▶ [SUPPLIED ENTRIES]:
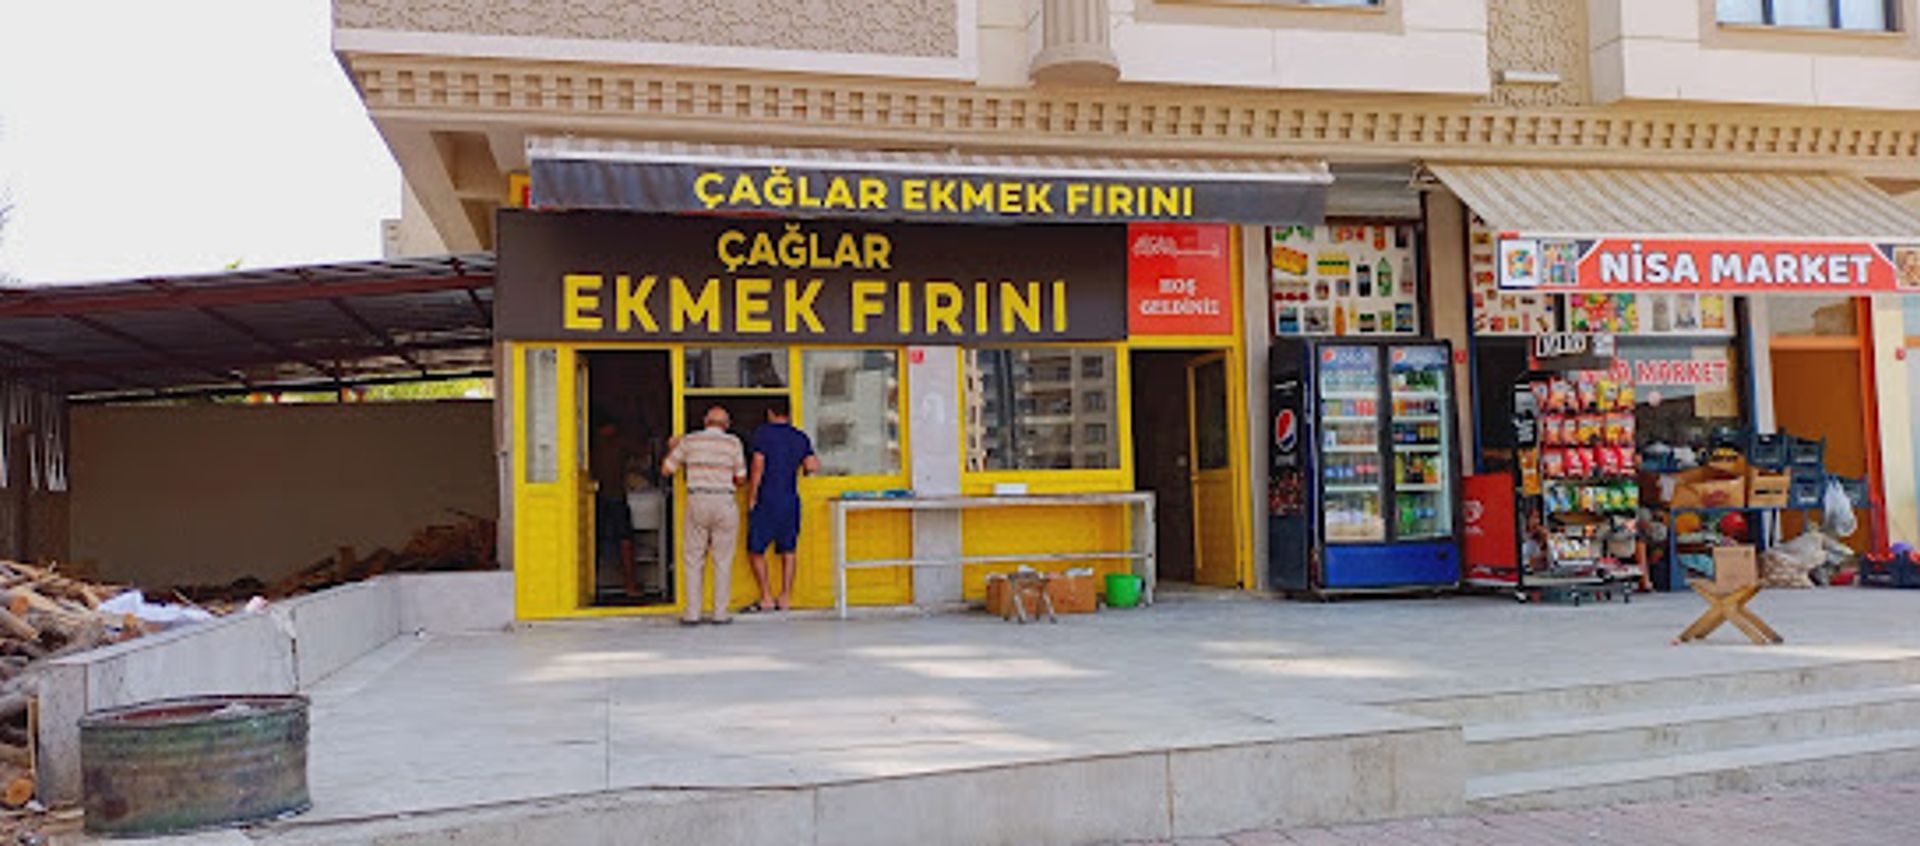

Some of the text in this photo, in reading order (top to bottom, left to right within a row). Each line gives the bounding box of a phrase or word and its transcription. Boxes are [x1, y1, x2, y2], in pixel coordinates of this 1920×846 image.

[695, 167, 1194, 216] ÇAĞLAR EKMEK FIRINI
[717, 224, 891, 271] ÇAĞLAR
[1600, 243, 1873, 284] NİSA MARKET
[563, 273, 1068, 334] EKMEK FIRINI

▶ [WHAT NEEDS TO BE DONE]:
Strip out the images, then output the records above word for word.

▶ [SOLUTION TO THE EXERCISE]:
Some of the text in this photo, in reading order (top to bottom, left to right within a row). Each line gives the bounding box of a phrase or word and its transcription. Boxes are [x1, y1, x2, y2], in pixel coordinates of this 1920×846 image.

[695, 167, 1194, 216] ÇAĞLAR EKMEK FIRINI
[717, 224, 891, 271] ÇAĞLAR
[1600, 243, 1873, 284] NİSA MARKET
[563, 273, 1068, 334] EKMEK FIRINI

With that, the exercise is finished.